The chi square test can take a contingency table as an input. The p-value is the output for which we are most concerned.
For the chi square test, our Null Hypothesis is that these variables are independent. We will use a significance level of 5%, meaning, if our P-Value is less than .05, we must reject our Null Hypothesis.
chisq.test(d.table)
##
## Pearson's Chi-squared test with Yates' continuity correction
##
## data: d.table
## X-squared = 2.3941, df = 1, p-value = 0.1218
As we see above, our p-value is greater than .05, meaning we cannot reject our Null Hypothesis, and have more evidence in favor of these variables being independent.
When using R, there are not a lot of practical differences in how we use Fishers Exact Test and the Chi Squared Test. Our Null Hypothesis, Significance Level and input our all the same:
fisher.test(d.table)
##
## Fisher's Exact Test for Count Data
##
## data: d.table
## p-value = 0.1218
## alternative hypothesis: true odds ratio is not equal to 1
## 95 percent confidence interval:
## 0.9811225 1.1784053
## sample estimates:
## odds ratio
## 1.075221
We see above that our P-value is identical, and our findings are the same as our Chi Square test: we cannot reject our Null Hypothesis that the variables X and Y are independent.
What is the difference between the two? Which is most appropriate?
The math behind the Chi Square Test is significantly more intuitive : one squares the difference between the observed count in a given category and the expected count of said category, then divides this by the expected count. You then sum across all categories in the contingency table and consult a statistical table to determine your P-Value. This test is intended for use with larger samples.
The Fishers Exact test was designed specifically for smaller samples, and uses binomial distributions to accomplish a similar measure.
As we are dealing with a sample of 10,000 observations, the Chi Square Test is more appropriate.

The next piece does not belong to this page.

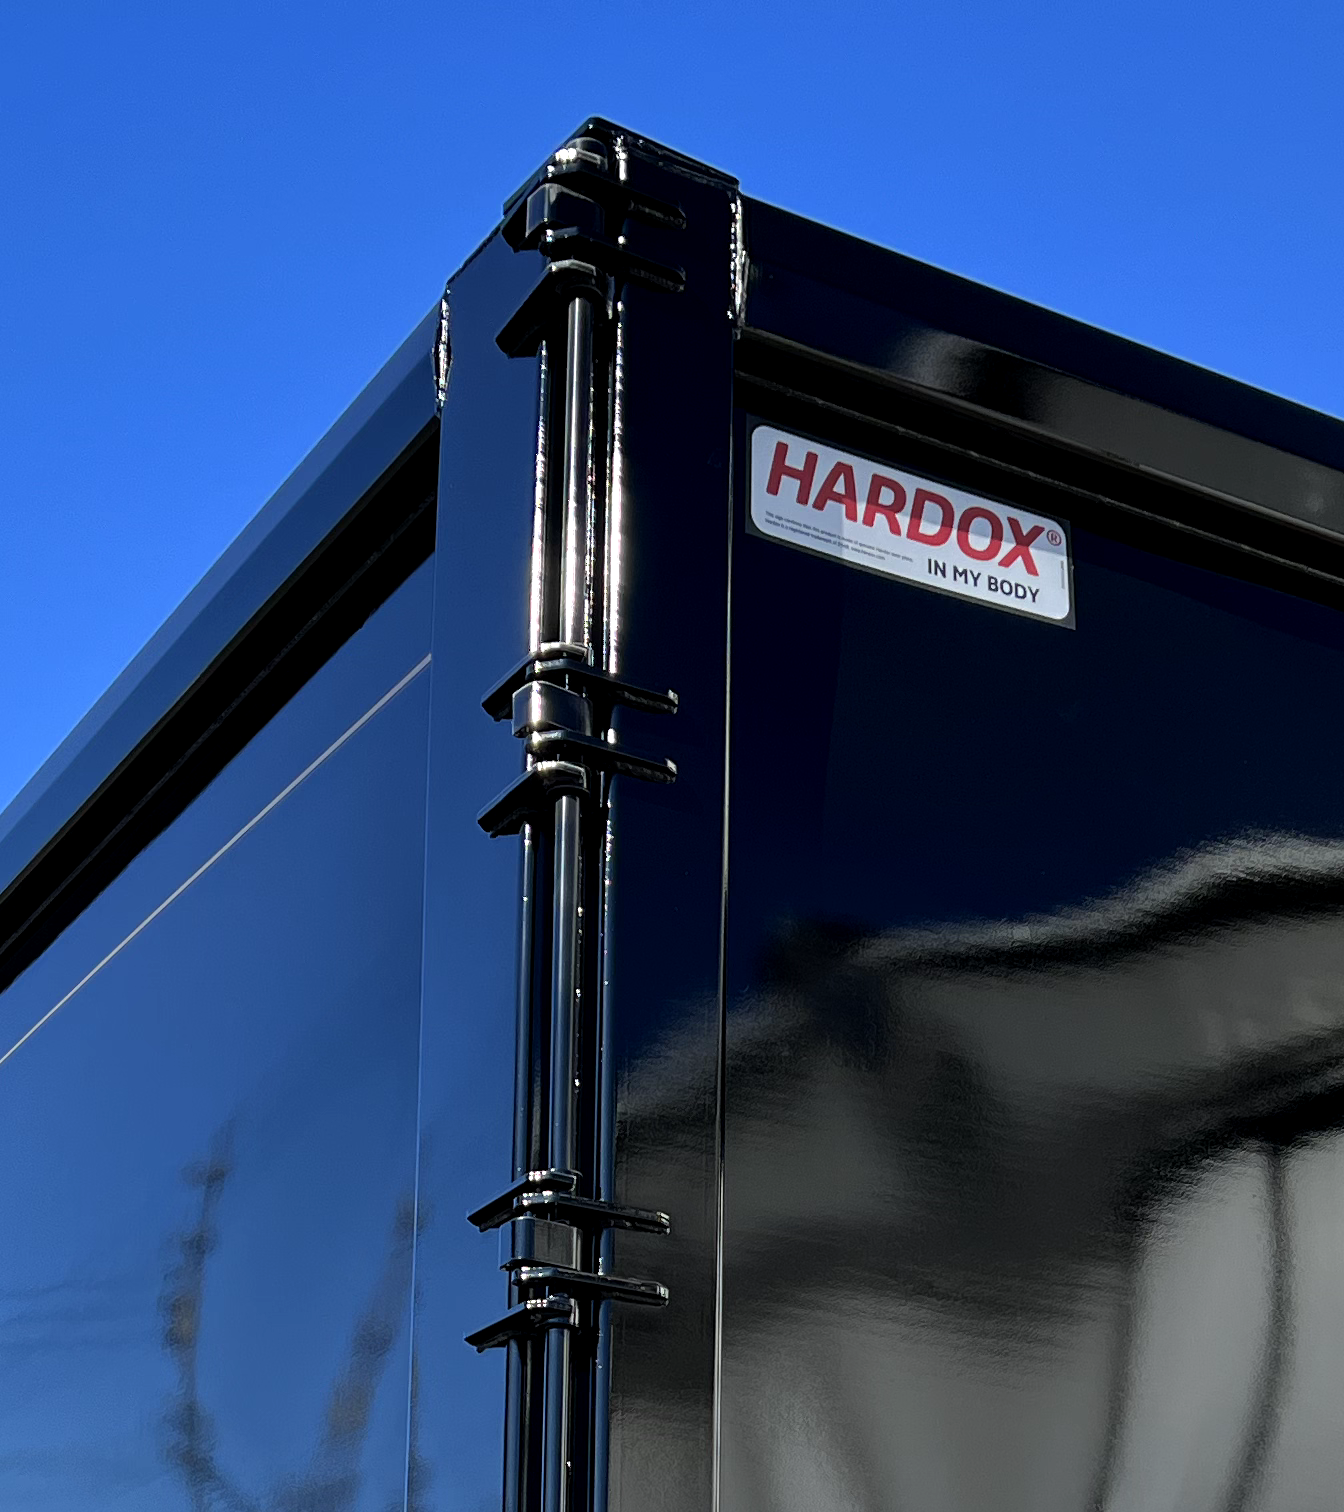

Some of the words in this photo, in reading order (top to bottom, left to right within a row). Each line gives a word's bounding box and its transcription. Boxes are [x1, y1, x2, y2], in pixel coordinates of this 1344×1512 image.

[927, 557, 948, 578] IN
[953, 565, 982, 589] MY
[987, 575, 1040, 603] BODY

You are to register for Kaggle.com (free) and compete in the House Prices: Advanced Regression Techniques competition. https://www.kaggle.com/c/house-prices-advanced-regression-techniques .

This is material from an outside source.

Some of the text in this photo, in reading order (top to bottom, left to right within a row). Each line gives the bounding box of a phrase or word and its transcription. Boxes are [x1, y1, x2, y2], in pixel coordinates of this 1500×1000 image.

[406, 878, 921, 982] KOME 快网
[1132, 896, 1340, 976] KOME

#After downloading the data from Kaggle and uploading to my personal Github:
x <- getURL("https://raw.githubusercontent.com/ChristopherBloome/Misc/main/Data605House.csv")
train_raw <- read.csv(text = x, stringsAsFactors = FALSE)
dim(train_raw)
## [1] 1460 81
So the first thing we see is that this is a large dataset. We have 1460 observations of 81 variables. After removing the ID and our response variable, we see there are 79 explanatory variables.

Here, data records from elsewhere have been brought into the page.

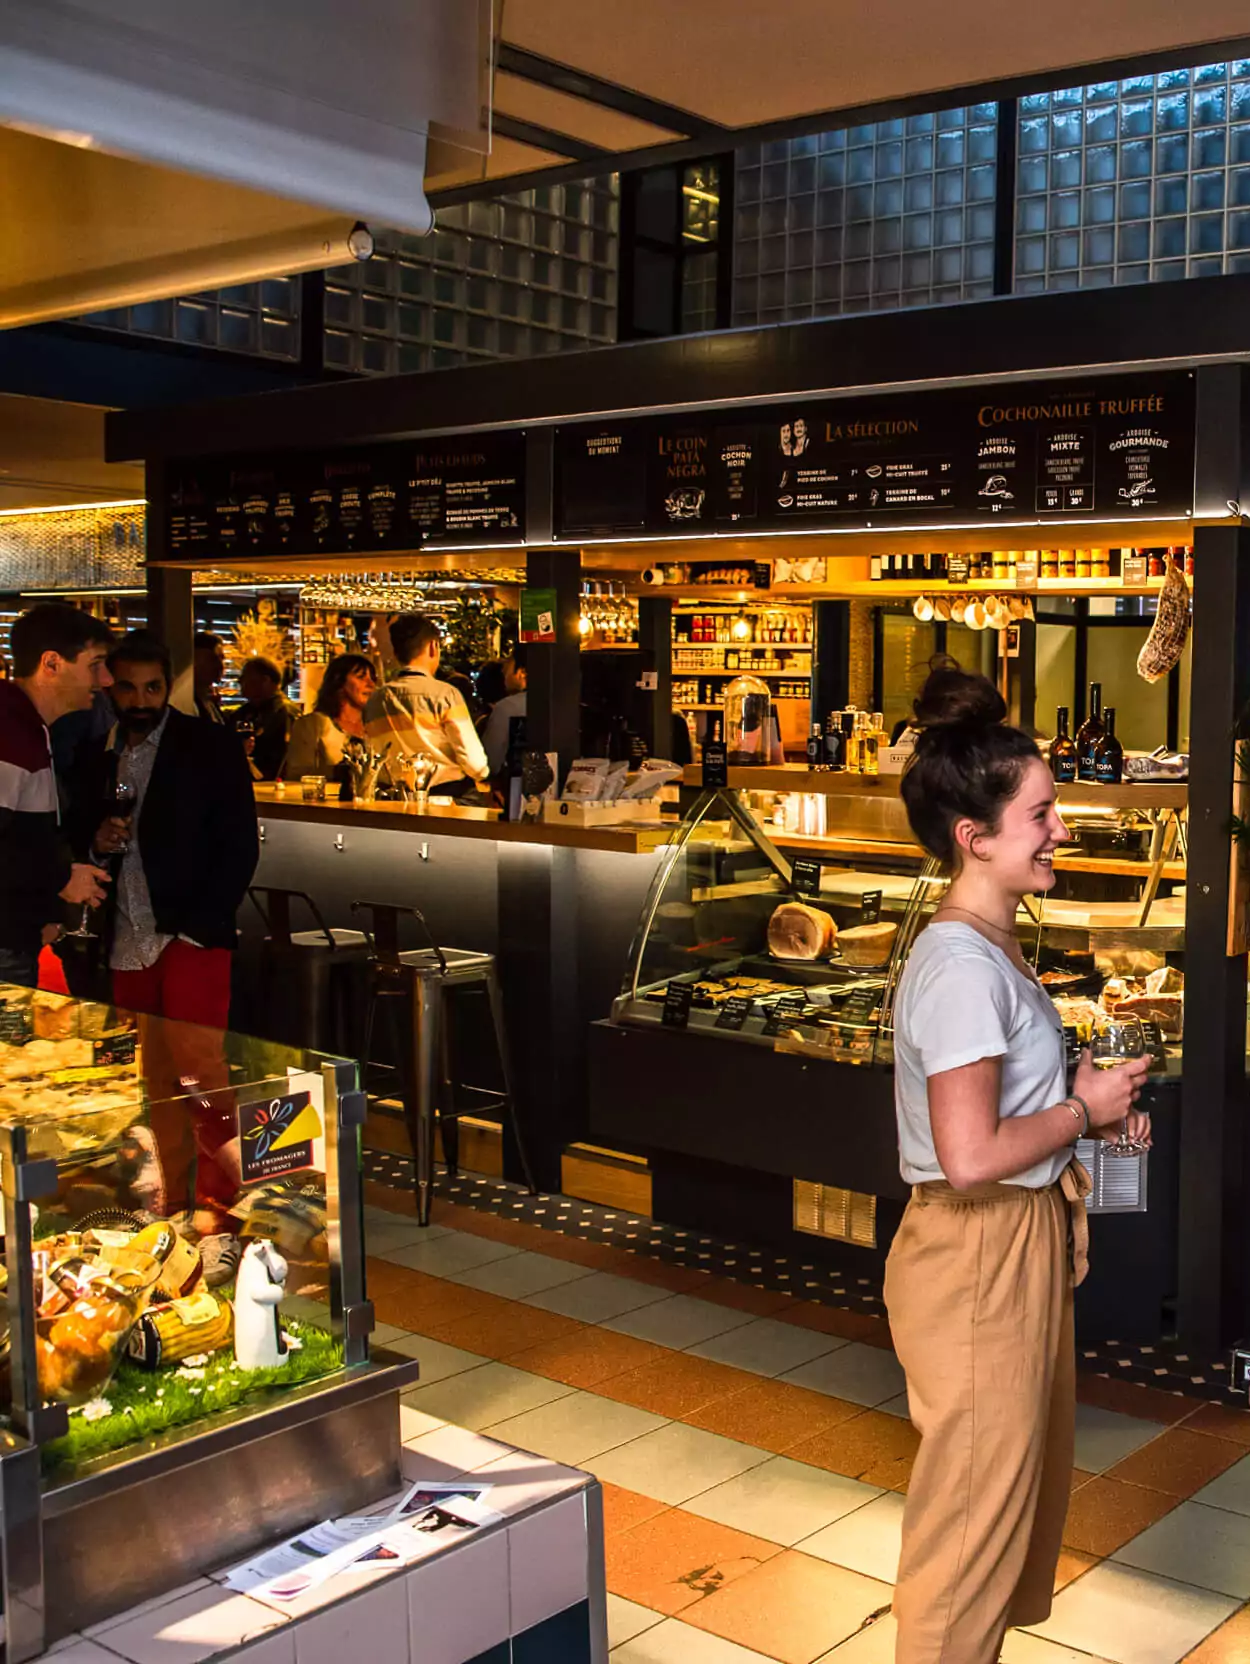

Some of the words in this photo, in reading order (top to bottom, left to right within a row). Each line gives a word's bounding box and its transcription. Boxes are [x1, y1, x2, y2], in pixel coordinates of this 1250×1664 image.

[977, 401, 1091, 427] COCHONAILLE
[1098, 394, 1165, 416] TRUFFÉE
[846, 418, 920, 438] SÉLECTION
[1127, 428, 1151, 436] ARDOISE
[676, 436, 708, 452] COIN
[1053, 434, 1077, 442] ARDOISE
[1109, 437, 1170, 451] GOURMANDE
[977, 445, 1016, 457] JAMBON
[1050, 441, 1080, 452] MIXTE
[673, 451, 700, 465] PATA
[721, 452, 752, 461] COCHON
[727, 459, 746, 468] NOIR
[666, 463, 707, 478] NEGRA
[247, 1162, 260, 1170] LES
[262, 1150, 306, 1166] FROMAGERS
[271, 1162, 292, 1172] FRANCE

After going through the Kaggle descriptions, I selected a small number of variables to explore in this dataset. Most of these are self-explanatory, however, I included notes when necessary.
Categorical Variables:
Continous/Numerical Variables:
train_set <- data.frame(train_raw$MSSubClass, train_raw$MSZoning, train_raw$Utilities, train_raw$Neighborhood, train_raw$Condition1, train_raw$BldgType, train_raw$HouseStyle, train_raw$OverallQual, train_raw$OverallCond, train_raw$Functional, train_raw$PoolQC, train_raw$SaleCondition, train_raw$SaleType, train_raw$LotArea, train_raw$YearRemodAdd, train_raw$BedroomAbvGr, train_raw$FullBath, train_raw$YrSold, train_raw$SalePrice)
names(train_set) <- c("Class", "Zoning", "Utilities", "Neighborhood", "Conditional", "BldgType", "HouseStyle", "OverallQual", "OverallCond", "Functional", "PoolQC", "SaleCondition", "SaleType", "LotArea", "YearRemod", "Bedroom", "Bathroom", "YearSold", "Price")
#Convert to numerical variable to categorical
train_set$Class <- as.factor(train_set$Class)
As we see above, I elected to change Class to a categorical variable, as it maps to assigned categories per the Kaggle documentation. While Year is often categorical, due to the range of years and the directional of their use case (inflation has been reasonably linear, a newly remodeled home is arguably more valuable than one which was remodeled less recently), I elected to keep them as numerical.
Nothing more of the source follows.